### What you should do
Would you please restate the data exactly as it stands, apart from the pictures?

(Referring expression grounding data)
::::::

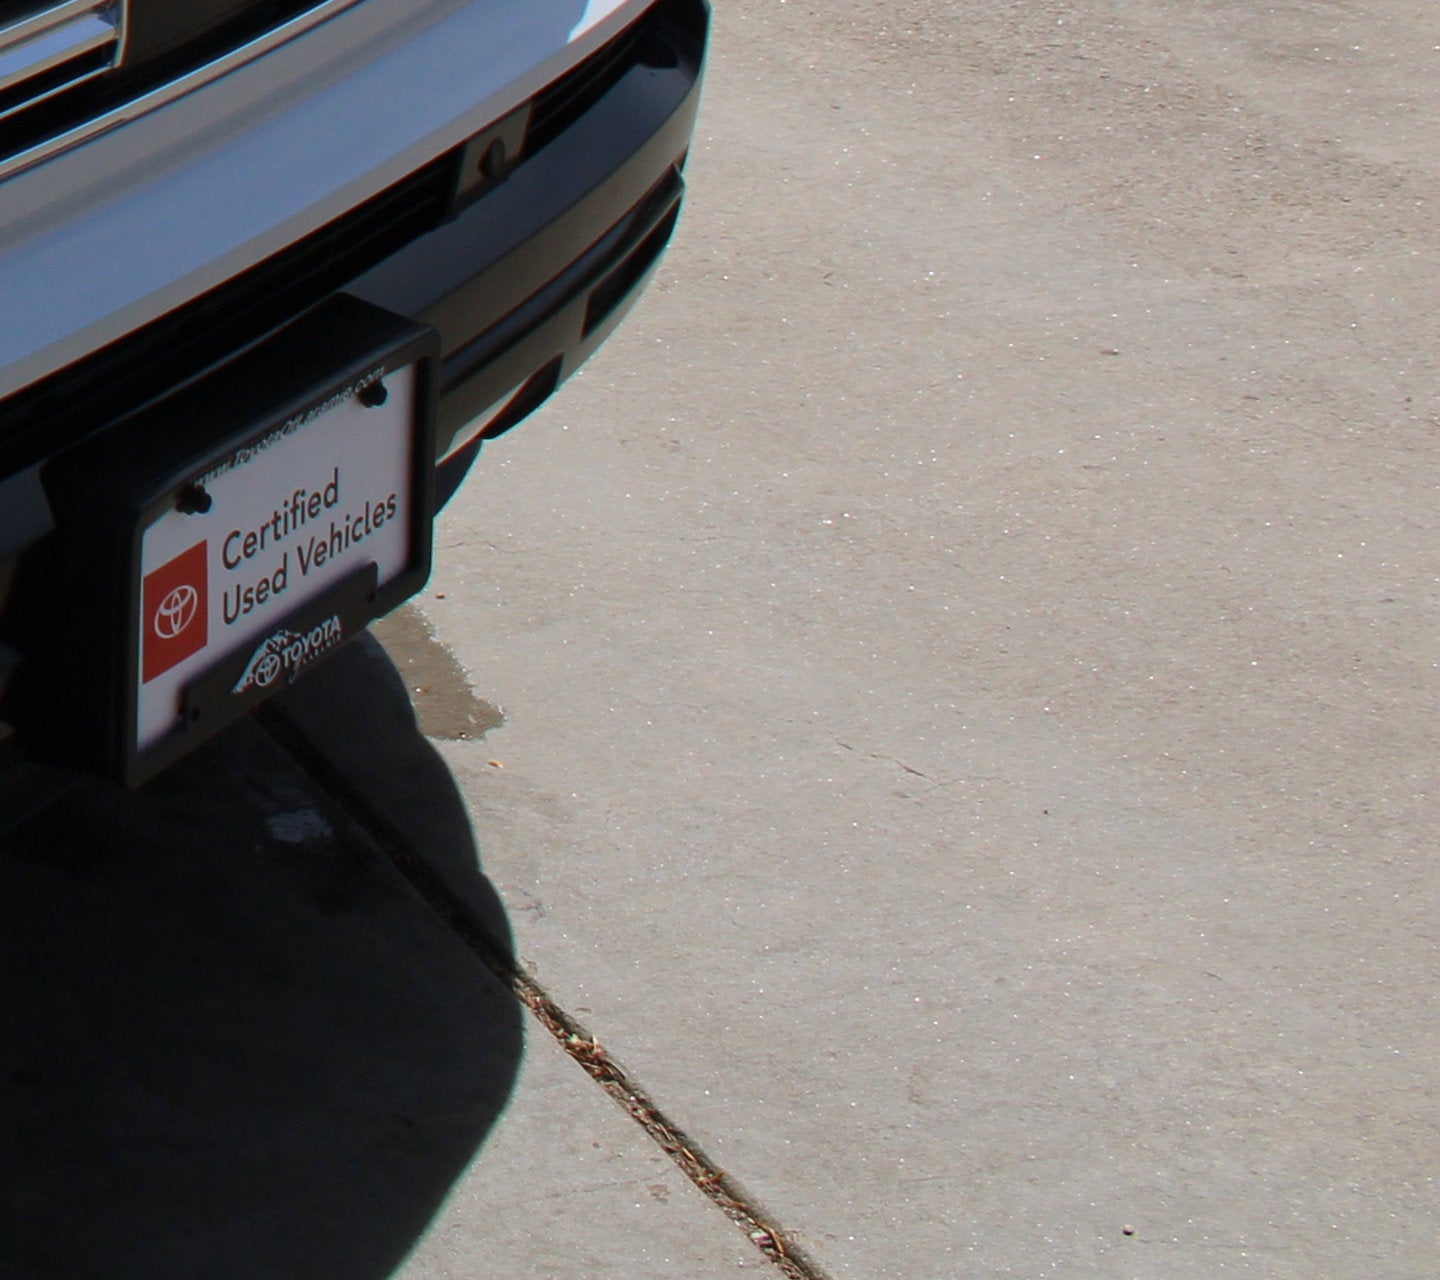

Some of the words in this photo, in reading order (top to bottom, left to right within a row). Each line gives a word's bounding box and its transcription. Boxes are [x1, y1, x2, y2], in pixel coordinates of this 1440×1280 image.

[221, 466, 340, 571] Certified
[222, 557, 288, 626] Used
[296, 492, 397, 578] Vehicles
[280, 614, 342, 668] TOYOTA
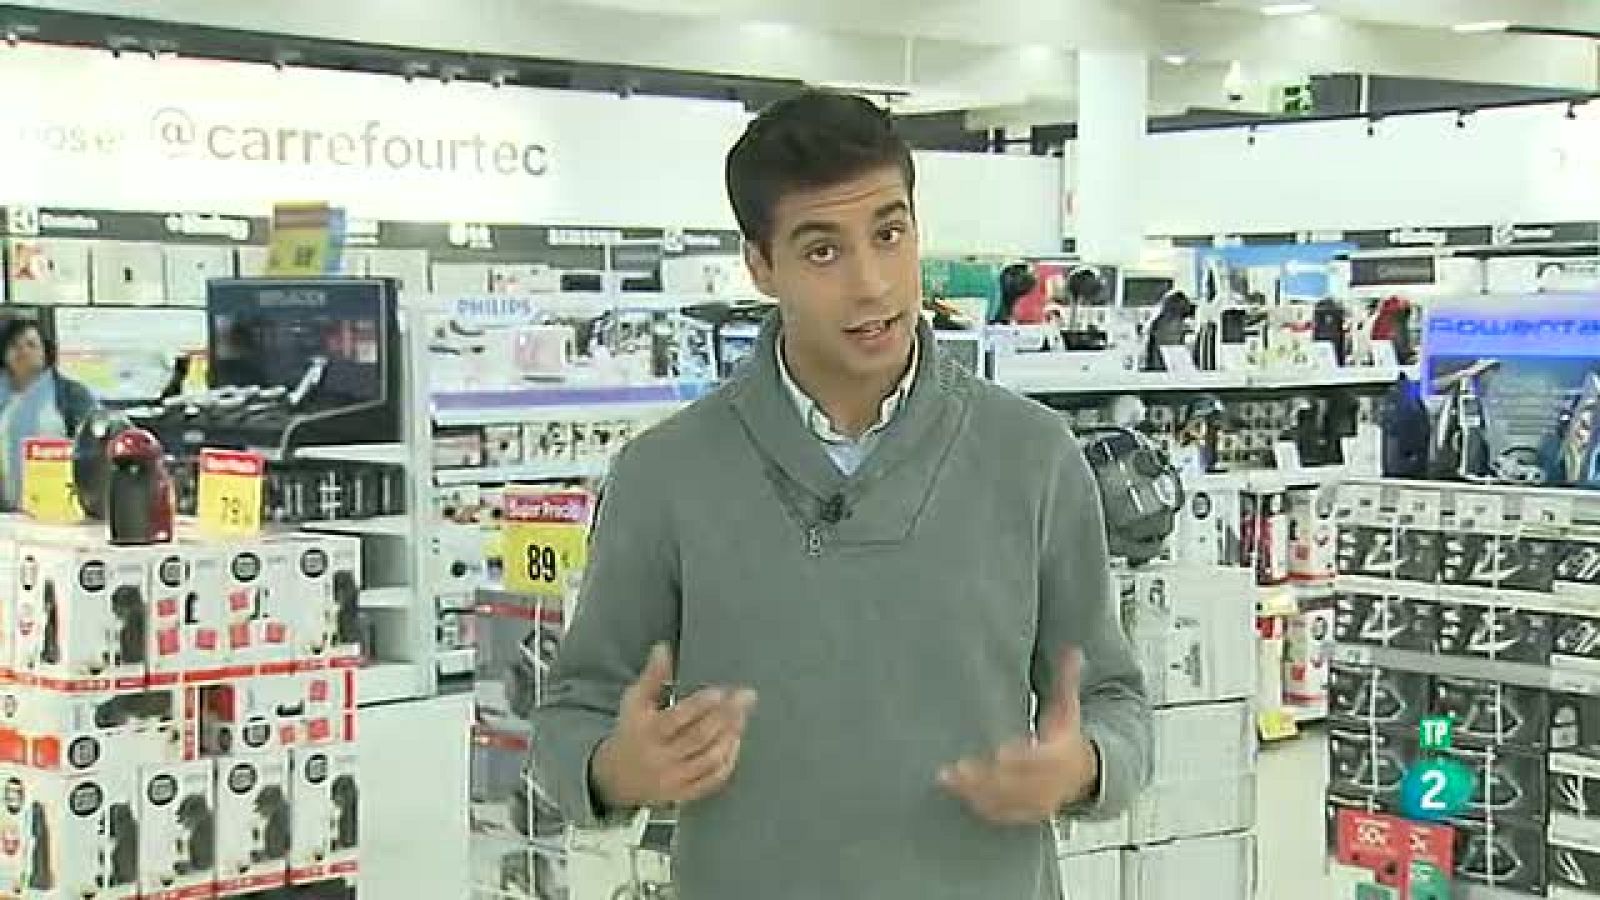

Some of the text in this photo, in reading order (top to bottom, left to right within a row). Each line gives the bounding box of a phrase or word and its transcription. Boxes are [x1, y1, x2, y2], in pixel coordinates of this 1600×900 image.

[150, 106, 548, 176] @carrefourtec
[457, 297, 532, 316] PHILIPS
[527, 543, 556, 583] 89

::::::

### Response to the task
Some of the words in this photo, in reading order (top to bottom, left to right within a row). Each line gives a word's bounding box and its transcription. Boxes are [x1, y1, x2, y2], in pixel coordinates of this 1440×1280 image.

[221, 466, 340, 571] Certified
[222, 557, 288, 626] Used
[296, 492, 397, 578] Vehicles
[280, 614, 342, 668] TOYOTA

Some of the text in this photo, in reading order (top to bottom, left to right within a row). Each line gives the bounding box of a phrase or word and its transcription. Boxes are [x1, y1, x2, y2], in pixel coordinates of this 1600×900 image.

[150, 106, 548, 176] @carrefourtec
[457, 297, 532, 316] PHILIPS
[527, 543, 556, 583] 89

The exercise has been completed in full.